At the time of data writing, data input through ext.DQ pin is transmitted to write driver 115 through data in buffer 114. Similar to the reading operation, a word line corresponding to the row address is selected by row decoder 107, and thereafter a bit line corresponding to the column address is selected by column decoder 108. The data from write driver 115 is applied to the selected bit line through I/O line 110, and written to the memory cell connected to the word line and a bit line.
Therefore, in one cycle of reading/writing operation, the power consumption of the semiconductor memory device increases only when the peripheral circuitry, mainly the column system 130 operating in response to the column address, is in operation.

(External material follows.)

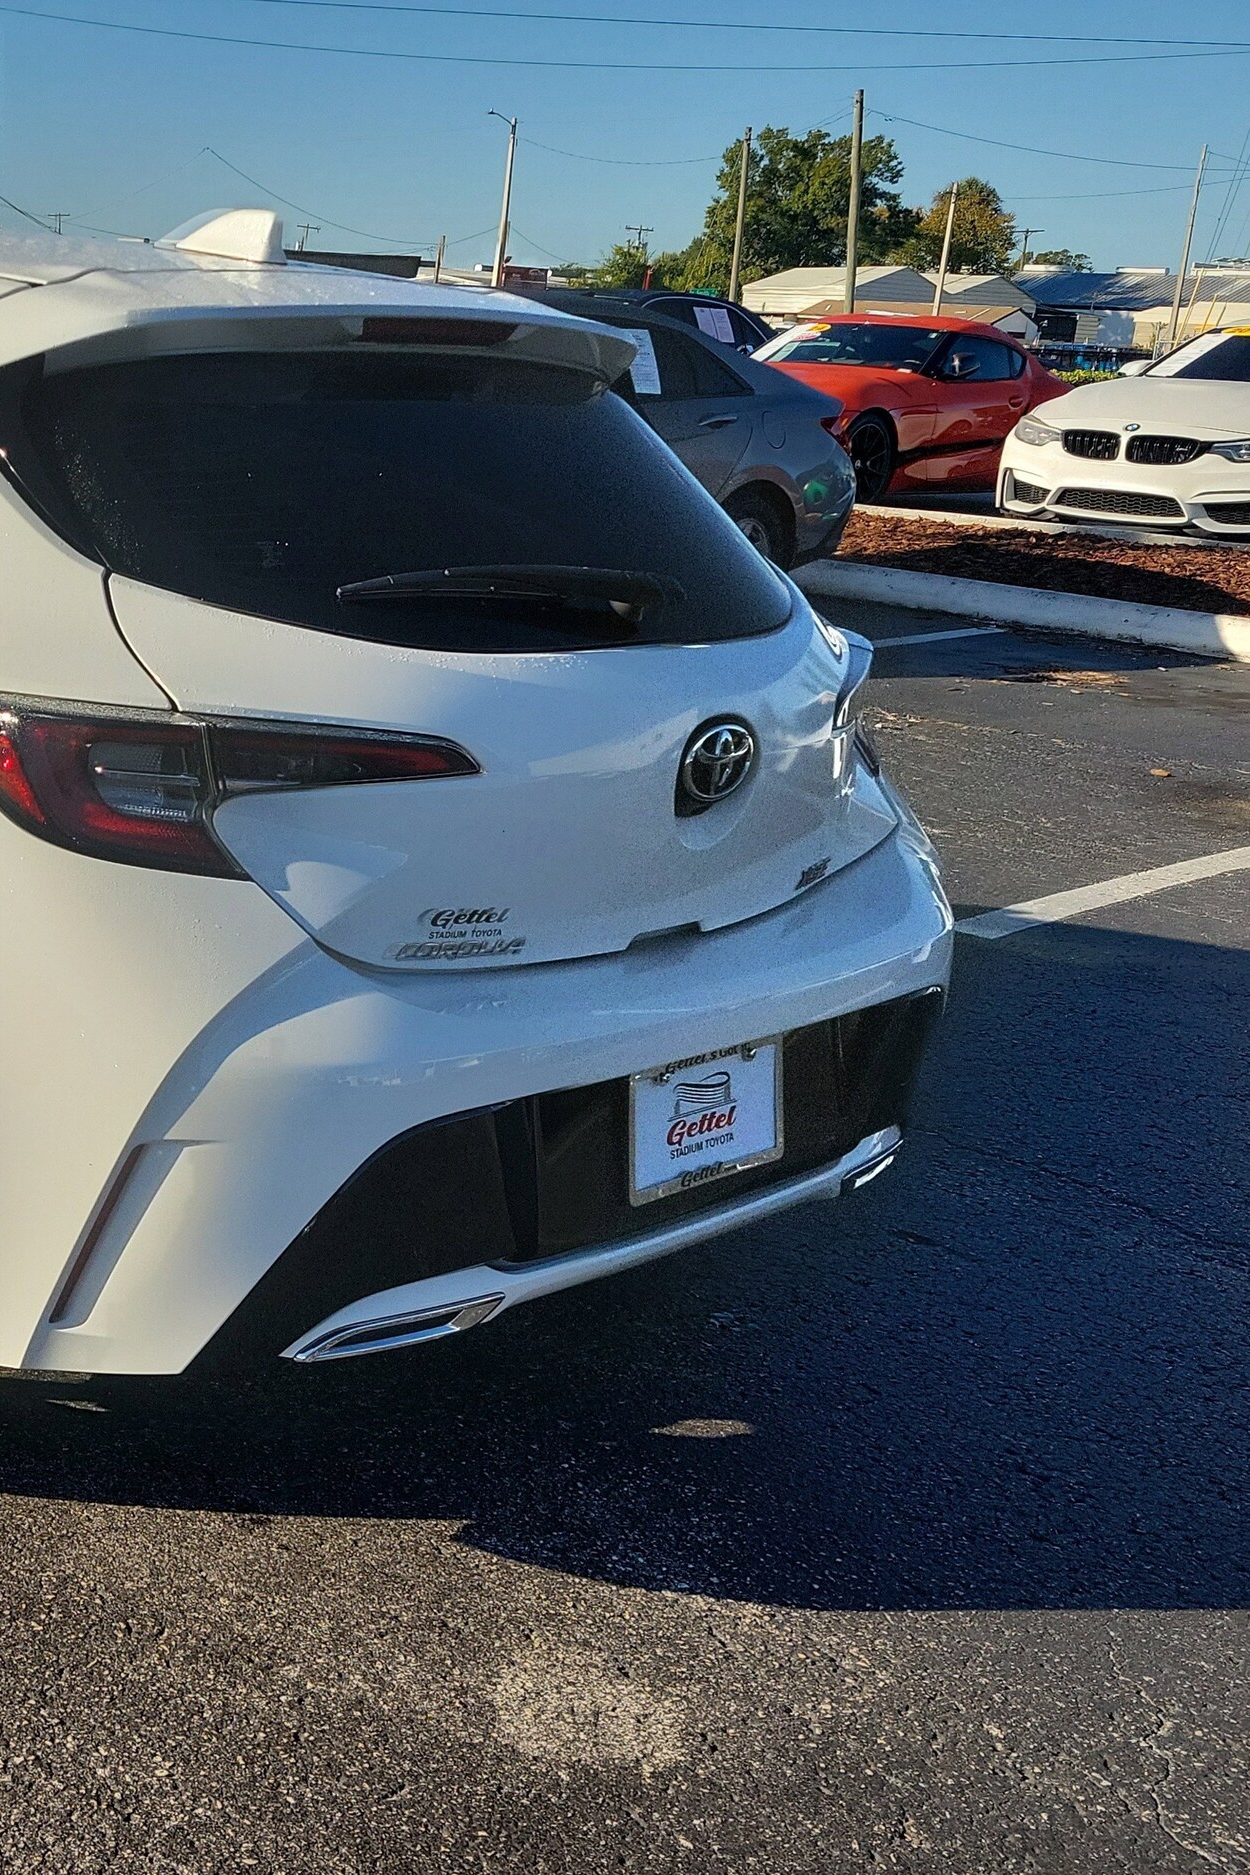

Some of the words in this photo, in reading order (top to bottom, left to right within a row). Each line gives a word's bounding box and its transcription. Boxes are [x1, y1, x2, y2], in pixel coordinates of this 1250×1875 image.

However, when the gain of the VDC circuit 2601 for peripherals is increased to improve supplying capability of int.Vcc of the VDC circuit 2601 for peripherals provided in the conventional semiconductor memory device 2600 shown in FIG. 25, there is a possibility of oscillation if the gain is too large, as the VDC circuit 2601 for peripherals shown in FIG. 26 has the voltage at output node N1 fed back.
Referring to FIG. 27, another conventional semiconductor memory device 2800 includes, in stead of preamplifier 111, output buffer 112, data in buffer 114 and write driver 115 of the semiconductor memory device 2600 of FIG. 25, preamplifiers 111a and 111b, output buffers 112a and 112b, data in buffers 114a and 114b, as well as write drivers 115a and 115b.
In this device, input/output circuits 1, 2 having a plurality of ext.DQ pins are provided, and between the input/output circuits 1, 2 and VDC circuit 2601 for peripherals, a pad 1705 which is selectively connected to ext.Vcc or to the GND is further provided.
Other circuit configuration and operation are the same as the semiconductor memory device 2600. Therefore, description thereof is not repeated.
The semiconductor memory device 2800 allows selection of any of a plurality of word configurations, for example, .times.1, .times.4, .times.8, and .times.16 words configurations. When the .times.4 word configuration is selected, four bits of data are simultaneously input/output in response to an applied one address. The word configuration is selected by an activating signal generated based on the voltage on pad 1705.
In the semiconductor memory device which allows selection of word configurations, the larger the number of data to be input/output, the larger the peripheral circuitry. Therefore, when a larger word configuration is selected, power consumption increases. Therefore, as in the column system operation described above, when the supplying capability of VDC 2601 for peripherals is to be increased, there is higher possibility of oscillation of VDC circuit 2601 for peripherals.